=== WHAT IS NEEDED ===
Starting at the line that contains "this 1215×1620 image.", restate every line word for word through the end of the entries.
[Start of section]
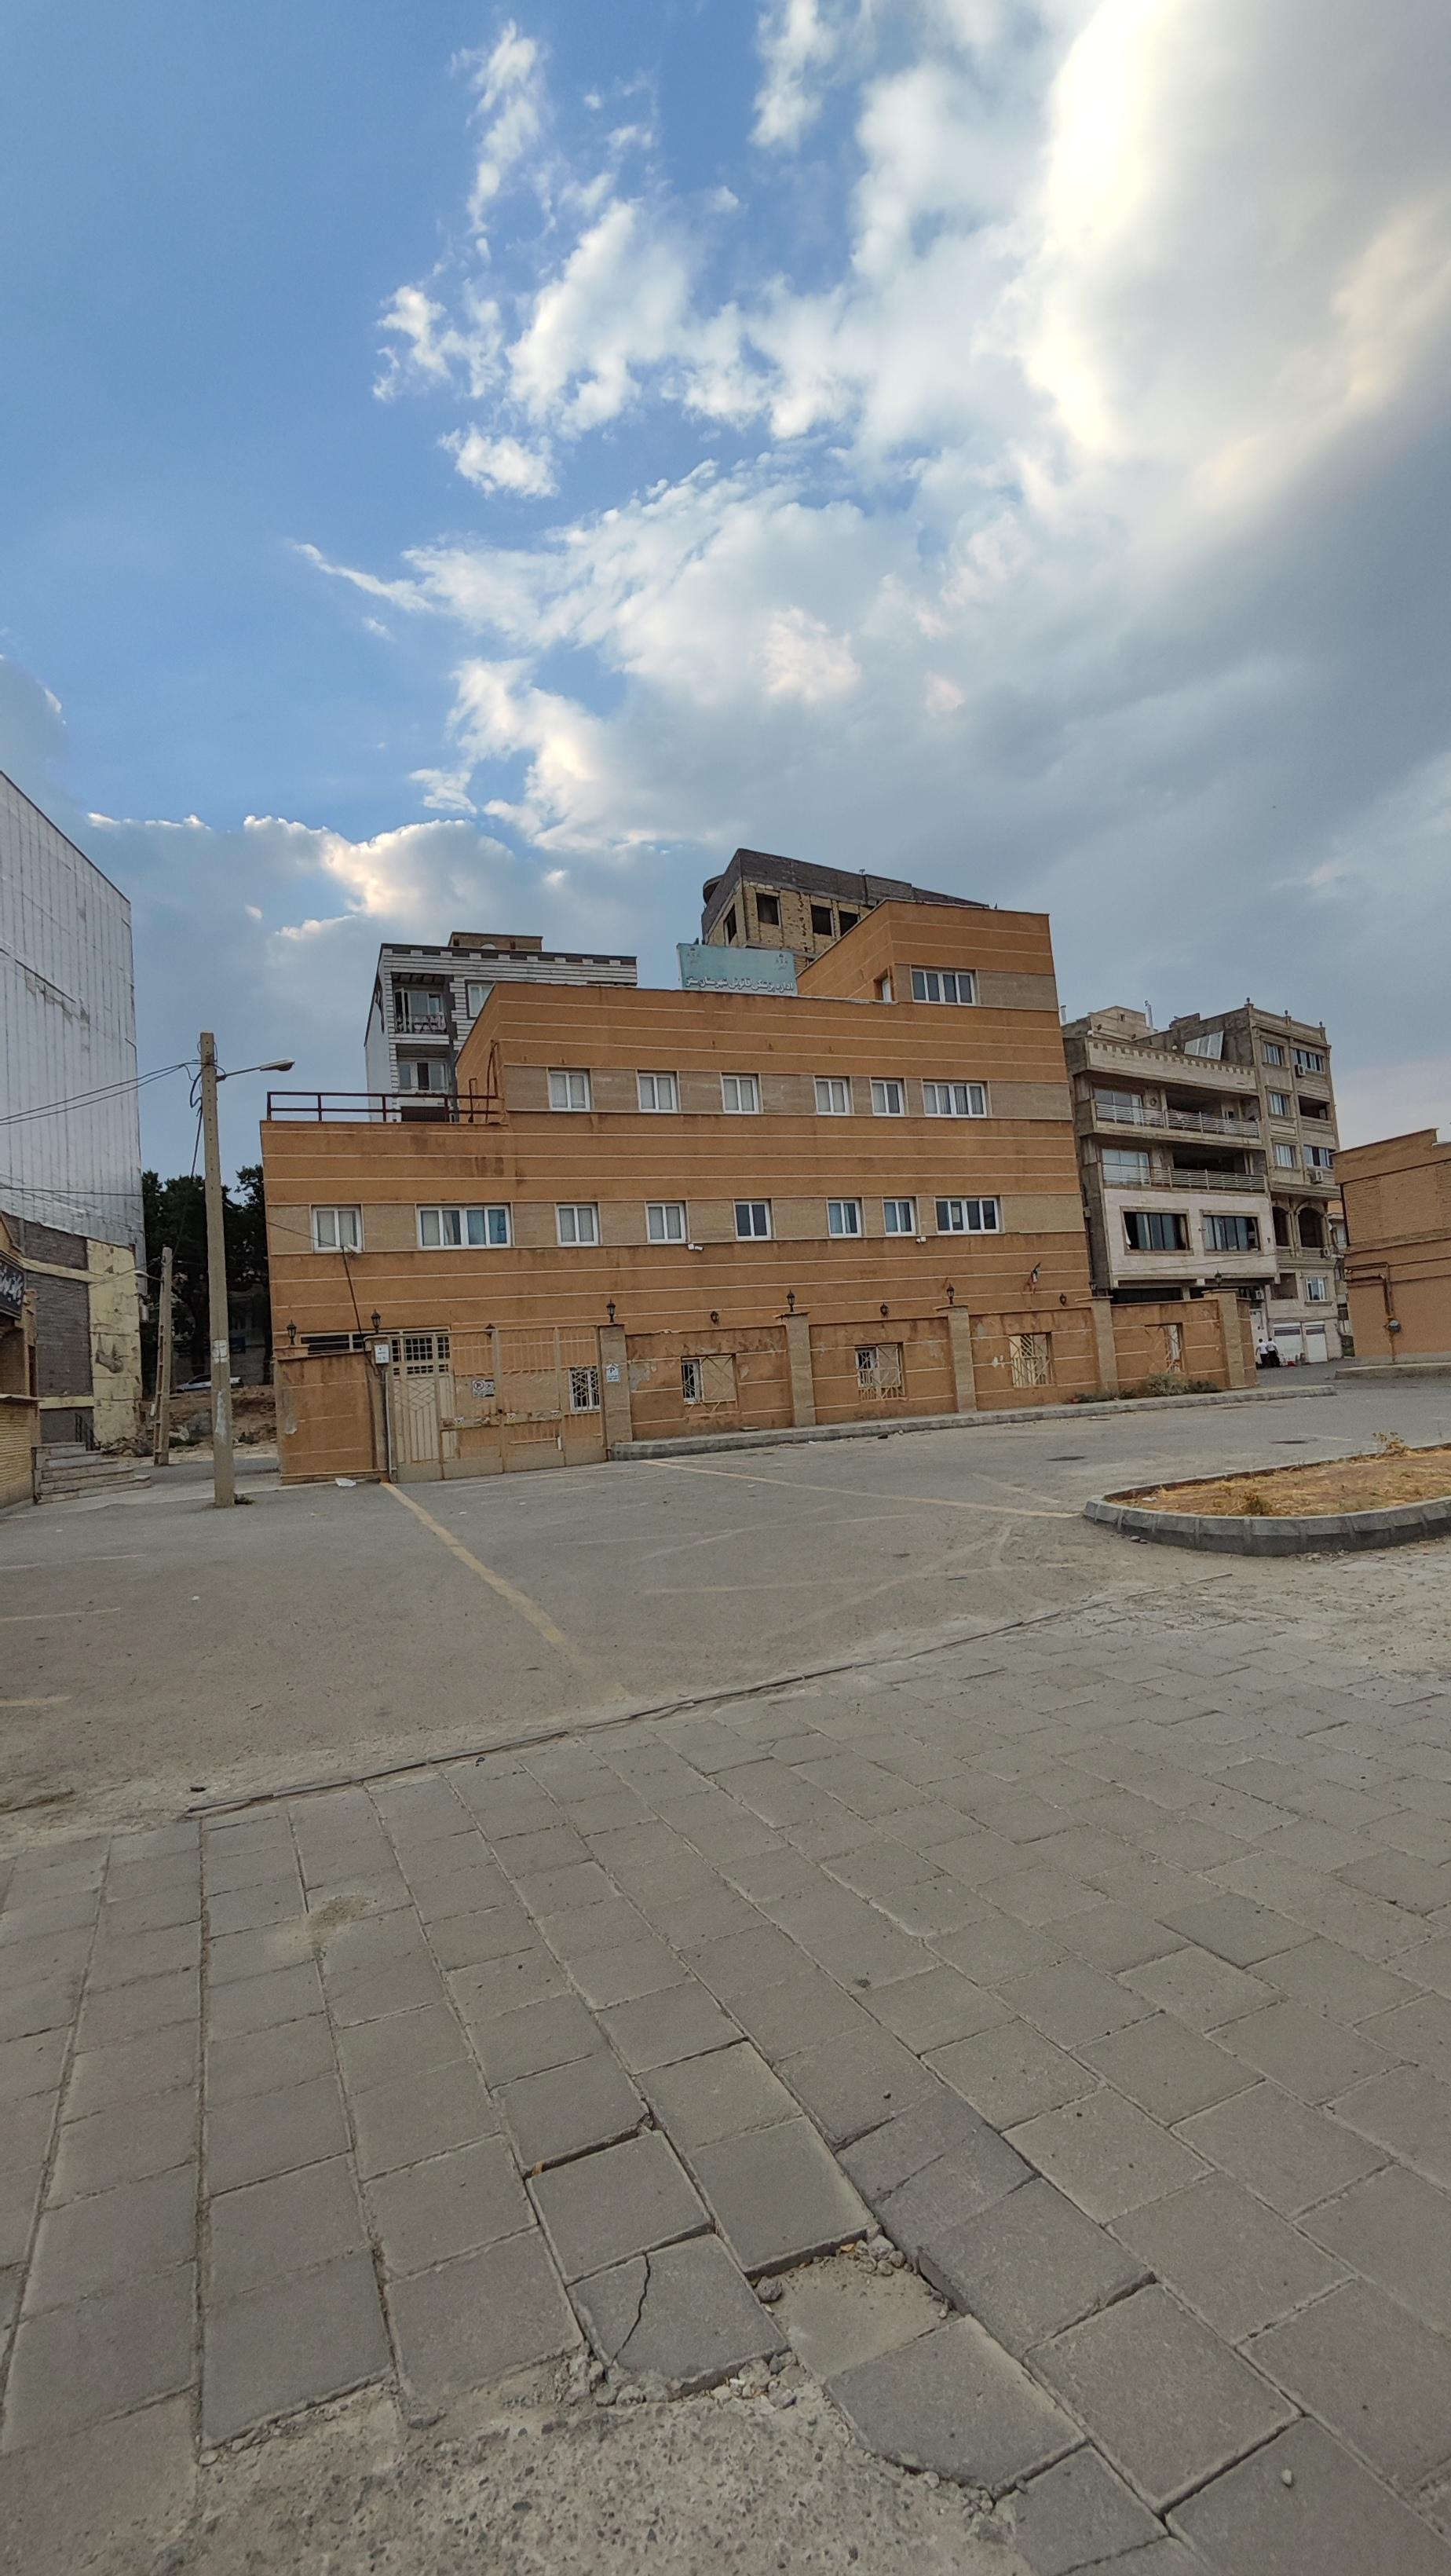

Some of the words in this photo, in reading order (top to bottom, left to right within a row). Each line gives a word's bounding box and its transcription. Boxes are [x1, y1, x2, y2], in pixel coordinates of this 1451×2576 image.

[699, 976, 728, 989] شهرستان
[729, 977, 751, 990] قانونی
[751, 979, 775, 993] پزشکی
[776, 981, 793, 993] اداره
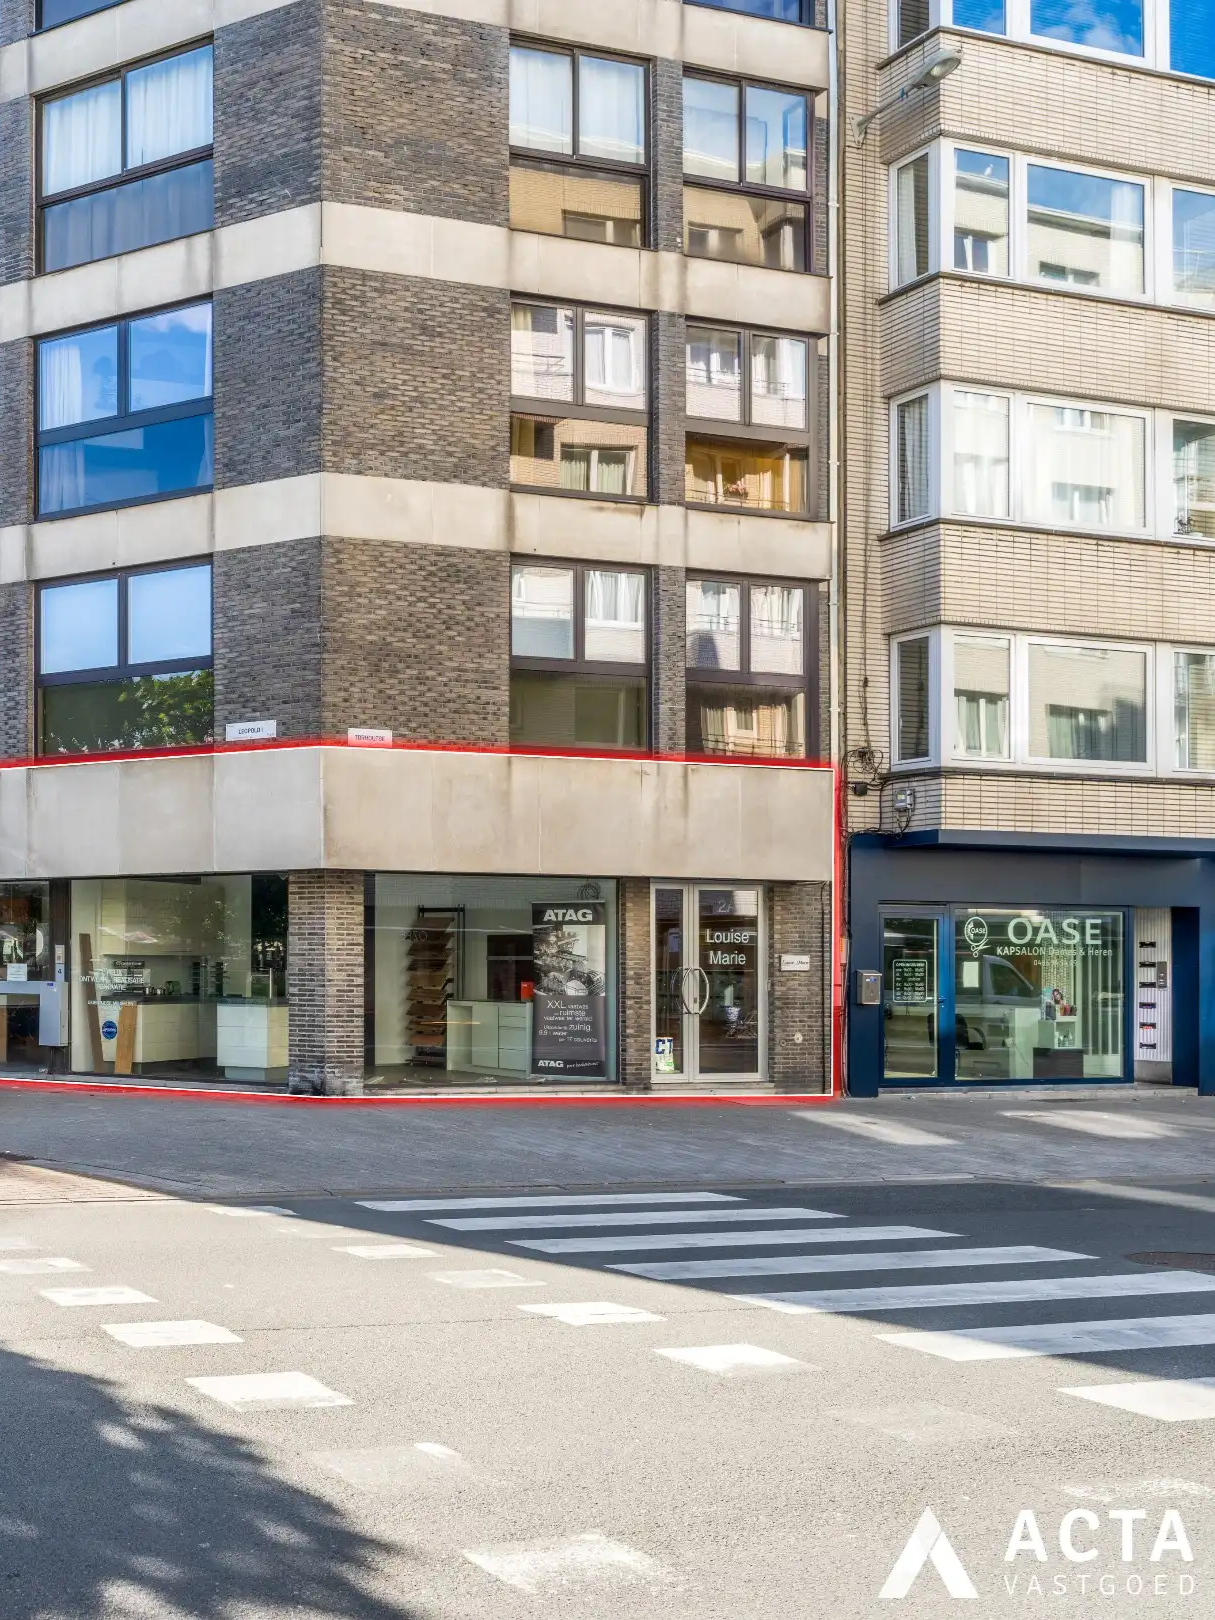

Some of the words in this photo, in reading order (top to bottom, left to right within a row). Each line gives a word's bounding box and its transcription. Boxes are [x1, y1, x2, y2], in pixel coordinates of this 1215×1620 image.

[543, 908, 593, 922] ATAG
[705, 928, 750, 944] Louise
[1007, 917, 1103, 945] OASE
[709, 950, 747, 965] Marie
[996, 946, 1046, 956] KAPSALON
[1048, 947, 1077, 956] Dames
[1087, 947, 1113, 956] Heren
[546, 999, 567, 1009] XXL
[537, 1060, 564, 1068] ATAG
[End of section]
=== EXERCISE RESPONSE ===
Some of the words in this photo, in reading order (top to bottom, left to right within a row). Each line gives a word's bounding box and its transcription. Boxes are [x1, y1, x2, y2], in pixel coordinates of this 1215×1620 image.

[543, 908, 593, 922] ATAG
[705, 928, 750, 944] Louise
[1007, 917, 1103, 945] OASE
[709, 950, 747, 965] Marie
[996, 946, 1046, 956] KAPSALON
[1048, 947, 1077, 956] Dames
[1087, 947, 1113, 956] Heren
[546, 999, 567, 1009] XXL
[537, 1060, 564, 1068] ATAG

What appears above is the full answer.